Moodboard and Color Palette
We wanted to evoke a sense of Pittsburgh community in our design, which informed our color palette choices. Based on the above reference images, we created a new color palette to better represent Pittsburgh’s community. We used yellow as our primary color, which also matches the DHS website homepage. We also created several accent colors to make our design more cheerful and dynamic. Lastly, we created two color palettes, one dark, one light, to allow for readability and appropriate contrast balance on the website.
We wanted our logo to speak for itself, and to be easily recognizable. The map refers to the concept of the digital roadmap, and the heart represents care. We created it in Adobe illustrator. The font used is Ubuntu in Bold. The color is Teal, Hex #419F9B. We also created another version of the logo to use on dark backgrounds, such as the bottom of our homepage and marketing flyers. Teal, Hex #419F9B.

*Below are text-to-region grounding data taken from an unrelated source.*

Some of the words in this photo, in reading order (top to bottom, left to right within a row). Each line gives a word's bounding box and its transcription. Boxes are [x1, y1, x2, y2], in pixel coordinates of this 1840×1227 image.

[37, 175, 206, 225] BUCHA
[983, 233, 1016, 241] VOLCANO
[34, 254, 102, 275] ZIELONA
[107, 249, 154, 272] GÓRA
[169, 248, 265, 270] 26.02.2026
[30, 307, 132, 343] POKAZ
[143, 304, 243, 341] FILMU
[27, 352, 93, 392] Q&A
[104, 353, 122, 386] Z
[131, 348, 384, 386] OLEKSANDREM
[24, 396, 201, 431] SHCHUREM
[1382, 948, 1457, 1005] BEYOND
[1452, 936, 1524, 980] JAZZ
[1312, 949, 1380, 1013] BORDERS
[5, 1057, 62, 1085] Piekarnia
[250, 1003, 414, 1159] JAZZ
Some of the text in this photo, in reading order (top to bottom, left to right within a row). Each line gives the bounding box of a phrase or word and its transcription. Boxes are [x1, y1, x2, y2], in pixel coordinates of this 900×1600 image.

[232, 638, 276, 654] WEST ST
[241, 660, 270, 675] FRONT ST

We wanted to bring a sense of warmth and approachability to an otherwise sterile and tedious process. For this reason, we opted to hand draw our illustrations instead of using stock imagery and vector graphics. We both felt that our illustrations should exist to reinforce the messaging in our body copy, so that constituents of all language and reading abilities could interact with and understand the concept of our solution.
The illustrations were drawn by me in Procreate with the Mercury brush. The stroke style was used to create a more organic and bespoke image. The people were drawn with neutrality in mind, in hopes of conveying inclusivity. The message here is one of partnership and hope.

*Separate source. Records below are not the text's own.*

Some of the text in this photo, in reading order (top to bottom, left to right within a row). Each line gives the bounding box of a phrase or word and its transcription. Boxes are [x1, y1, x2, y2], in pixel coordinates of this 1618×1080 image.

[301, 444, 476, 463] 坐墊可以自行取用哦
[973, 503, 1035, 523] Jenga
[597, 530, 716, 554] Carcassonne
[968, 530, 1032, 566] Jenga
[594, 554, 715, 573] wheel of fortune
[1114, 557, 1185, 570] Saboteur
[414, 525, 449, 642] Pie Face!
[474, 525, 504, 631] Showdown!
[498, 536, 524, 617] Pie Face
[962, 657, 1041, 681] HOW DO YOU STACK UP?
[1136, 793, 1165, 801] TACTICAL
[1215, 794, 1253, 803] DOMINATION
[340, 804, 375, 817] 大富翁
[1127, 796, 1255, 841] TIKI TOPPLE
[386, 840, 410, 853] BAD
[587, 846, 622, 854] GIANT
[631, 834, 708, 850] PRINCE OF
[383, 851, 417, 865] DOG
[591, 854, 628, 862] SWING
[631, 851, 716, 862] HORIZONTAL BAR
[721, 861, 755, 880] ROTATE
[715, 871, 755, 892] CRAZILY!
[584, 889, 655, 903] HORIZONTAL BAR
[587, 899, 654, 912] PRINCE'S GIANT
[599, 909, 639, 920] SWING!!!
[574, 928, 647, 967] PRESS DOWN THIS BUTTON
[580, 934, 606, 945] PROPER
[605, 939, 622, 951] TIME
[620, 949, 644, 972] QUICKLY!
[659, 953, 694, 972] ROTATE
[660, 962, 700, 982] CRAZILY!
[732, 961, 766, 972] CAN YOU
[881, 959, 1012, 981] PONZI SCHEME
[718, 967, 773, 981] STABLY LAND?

Our type system consists of two variations of Ubuntu (regular and medium). Ubuntu is sans-serif, uses OpenType features and is manually hinted for clarity on desktop and mobile computing screens.
We hope to collaborate with care providers and treatment centers in the future so that constituents can schedule appointments in the portal, making it a true one-stop shop. This would also allow constituents to speak with a human if they wanted to, as they could call care providers directly.

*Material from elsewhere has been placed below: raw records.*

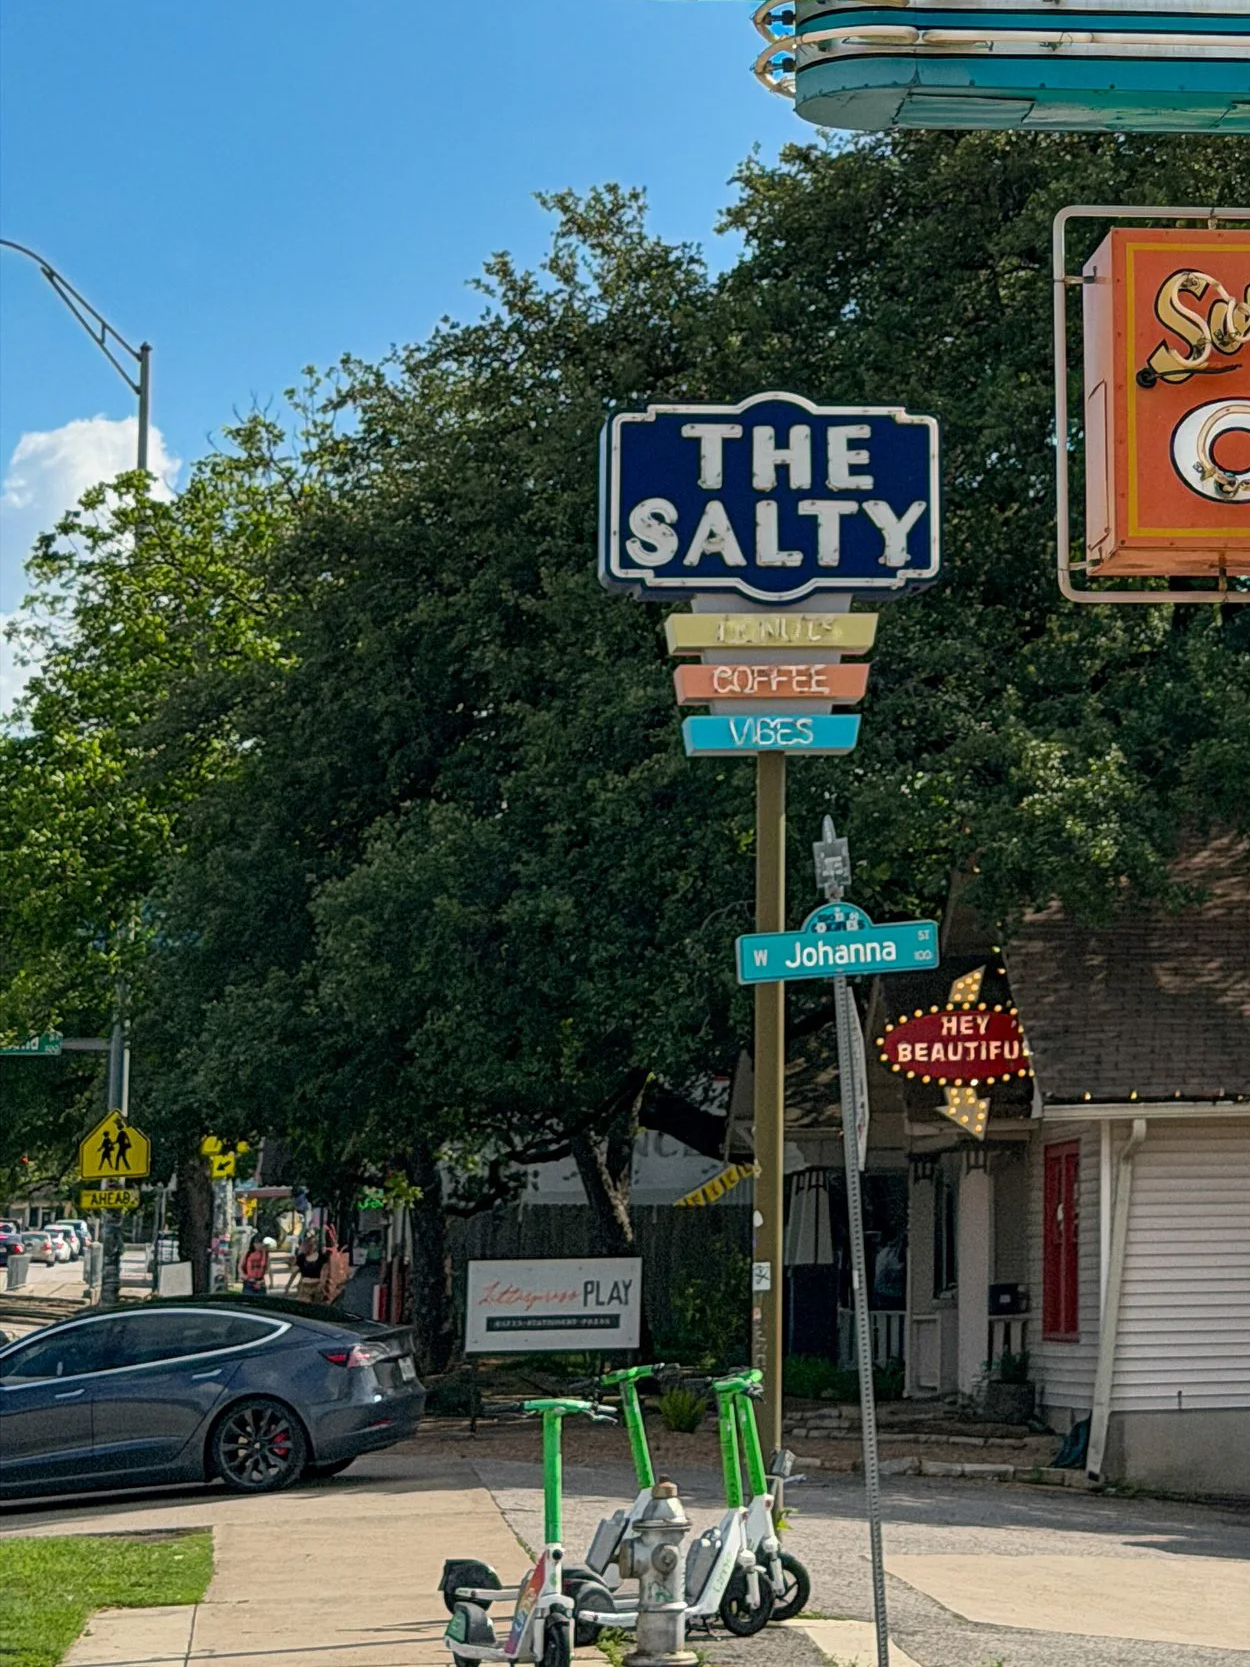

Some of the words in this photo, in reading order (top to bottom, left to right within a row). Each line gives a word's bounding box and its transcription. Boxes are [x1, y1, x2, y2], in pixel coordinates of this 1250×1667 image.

[681, 423, 874, 491] THE
[625, 498, 927, 566] SALTY
[713, 664, 830, 694] COFFEE
[729, 718, 814, 746] VIBES
[753, 949, 768, 967] W
[785, 941, 896, 968] Johanna
[917, 930, 930, 941] ST
[941, 1015, 990, 1036] HEY
[583, 1279, 633, 1307] PLAY

We intend to design a “print” button on the “Explore Transit” page to allow constituents to have physical copies of directions, especially if they don’t readily have internet access.
We plan to include additional “tags” under the care provider profiles that will allow constituents to further customize their care experience. We would include tags that filter race, gender, identity, etc., which are proven to impact treatment success and longevity, especially among black constituents.
Currently, our existing solution did not take “urgency” into consideration. We hope to add an additional feature for constituents in crisis to maximize chances of successfully getting treatment. For example, if a constituent stated that they were experiencing suicidal ideation, they would immediately receive a message with the suicide and crisis lifeline number and instruction to seek care immediately.
Working on this project is such a challenging but fulfilling experiences for me. As an international student coming to the States for the first time, it is hard for me to conduct research on a topic that involved different social and cultural aspects.
I learned to communicate with different stakeholders to understand the problem more holistically.
I learned to think from the perspective of different demographic groups, to design experiences in a more empathic and comprehensive way.
I improved my skills in communicating ideas through illustrations and delivering a more consistent visual design system.
Lastly, I really appreciated my teammate Annie. She explained the insurance and medical system and social background here to me at the beginning of the project, which made me familiar with this topic faster. We had a really great time working together. We learned to collaborate efficiently by dividing the tasks based on our expertise and work effectively by setting our weekly goals and prioritizing the tasks.